Whereas before I was able to diffuse a scuffle by yelling threats from the office while my boys played (and bickered)  in the living room, now I receive detailed verbal depositions from teachers at the daycare the boys have been going to this summer, describing scenes of two Colombian-American boys quietly but forcibly trying to pin each other down and put fingernails to facial skin in the privacy of the secluded and colorfully padded baby area.

I had rung the bell at daycare filled with excitement and anticipation of a fun evening with my boys and ended up taking them instead for a dreadful and quiet drive-of-shame back home, catching glances of bruised and scratched pouty faces in the rearview mirror.

The next step would be to pour cold water on Mama’s warm enthusiasm at home when she opened the door to greet us: I muttered to her that the events of the day called for us to start a new tradition and have us our first “family meeting.”

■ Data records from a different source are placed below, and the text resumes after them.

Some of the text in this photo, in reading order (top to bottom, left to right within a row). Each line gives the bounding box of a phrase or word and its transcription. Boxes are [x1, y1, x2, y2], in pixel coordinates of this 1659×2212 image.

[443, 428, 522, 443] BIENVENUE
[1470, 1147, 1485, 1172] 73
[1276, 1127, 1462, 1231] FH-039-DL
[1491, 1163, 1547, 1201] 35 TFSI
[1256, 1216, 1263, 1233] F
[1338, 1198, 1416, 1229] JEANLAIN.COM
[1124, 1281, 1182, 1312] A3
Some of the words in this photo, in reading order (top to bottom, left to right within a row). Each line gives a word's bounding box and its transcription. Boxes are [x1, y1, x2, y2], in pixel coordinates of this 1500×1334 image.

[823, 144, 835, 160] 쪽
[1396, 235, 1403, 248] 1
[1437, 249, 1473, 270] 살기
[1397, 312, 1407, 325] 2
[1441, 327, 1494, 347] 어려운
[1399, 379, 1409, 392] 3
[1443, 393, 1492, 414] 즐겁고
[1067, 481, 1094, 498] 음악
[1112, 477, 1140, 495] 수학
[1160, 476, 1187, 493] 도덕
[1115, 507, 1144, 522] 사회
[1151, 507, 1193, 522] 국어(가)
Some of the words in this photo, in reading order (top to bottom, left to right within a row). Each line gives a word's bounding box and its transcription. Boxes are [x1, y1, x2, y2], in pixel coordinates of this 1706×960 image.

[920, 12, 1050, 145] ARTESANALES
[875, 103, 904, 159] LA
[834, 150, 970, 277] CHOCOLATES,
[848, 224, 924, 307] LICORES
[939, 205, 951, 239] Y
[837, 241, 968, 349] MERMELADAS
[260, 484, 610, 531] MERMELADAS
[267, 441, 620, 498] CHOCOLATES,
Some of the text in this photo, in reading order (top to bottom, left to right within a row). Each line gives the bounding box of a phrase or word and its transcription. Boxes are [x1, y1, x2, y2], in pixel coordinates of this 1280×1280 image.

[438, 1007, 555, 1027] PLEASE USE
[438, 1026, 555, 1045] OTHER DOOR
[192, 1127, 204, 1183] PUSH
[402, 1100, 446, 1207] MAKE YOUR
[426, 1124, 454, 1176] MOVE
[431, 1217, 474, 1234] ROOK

When Mama announced that before we could touch even a minuscule crumb of the dinner she had made for us, we needed to first have a family meeting, my younger son Sam asked with naive delight: “Who else is coming!?

The meeting is where things got surprisingly weird for me. Since I had already scolded and preached to the boys in the car, I let my wife take the lead in the conversation. For emphasis and support,  I flashed stern looks at both the boys sporadically, but for the most part, I was quiet. My wife and I have virtually identical parenting philosophies and great trust in each other, so I hadn’t felt compelled to interject. But as the conversation was drawing to a close and people were getting ready to write down action items, check Outlook calendars for follow up meetings, and email each other meeting minutes, it became obvious that we needed a strong closing and that I should probably be the one to deliver it. I found myself almost paralized: Do I just come up with some grave set of consequences and sentence the boys to solitary confinement with no Legos for an indefinite amount of time (in violation of the Geneva Convention)? Do I blather on about the value of speaking your mind, walking away, or asking an adult for help before going feline on another person’s chubby cheeks? How do I naturally bring this important first meeting to a close without betraying my Spanish-only relationship with the boys but also without leaving my wife out of the loop, since her understanding of Spanish is limited? Do I say everything and then translate for her? That would be like Jerry Seinfeld closing a great show and then taking five minutes to explain all the jokes. I pictured my wife as an American President at Camp David trying to broker peace between the Palestinian Authority and the Israeli prime minister and at the end of the meeting everybody starts yelling in Arabic and Hebrew. Not ideal.

In the end, I closed with a very brief and subdued wrap up where I laid out some quick, Lego deprivation-based consequences, all of which I pantomimed as much as possible so my wife would know what I was saying, as I was saying it. It all worked out okay.

The “one parent one language method” has worked wonderfully for us most of the time, as the most serious conversations we’ve had to have as a family are about love, rainbows, unicorns, cotton candy, going potty, brushing teeth, or digging for boogers in the bathroom only. But, as is my tendency, the otherwise insignificant scuffle the boys had this week, and the first family meeting we had in order to address it, are making me leap to future family meetings about cars crashed into fences, pot smoking, dating non-superior-IQ supermodels, dropping out of college, or voting for terrible people in local, state, and federal elections.

Are there books about bilingual upbringing beyond the first ten or fifteen years of a kid’s life? Or will I have to be the one to write it as I go? Whatever the answer, I intend to send the boys and my wife an Outlook invite for a family meeting soon to discuss non-disciplinary issues, and set an agenda with happier topics to cleanse the palette and get my whole linguistic anxiety under control.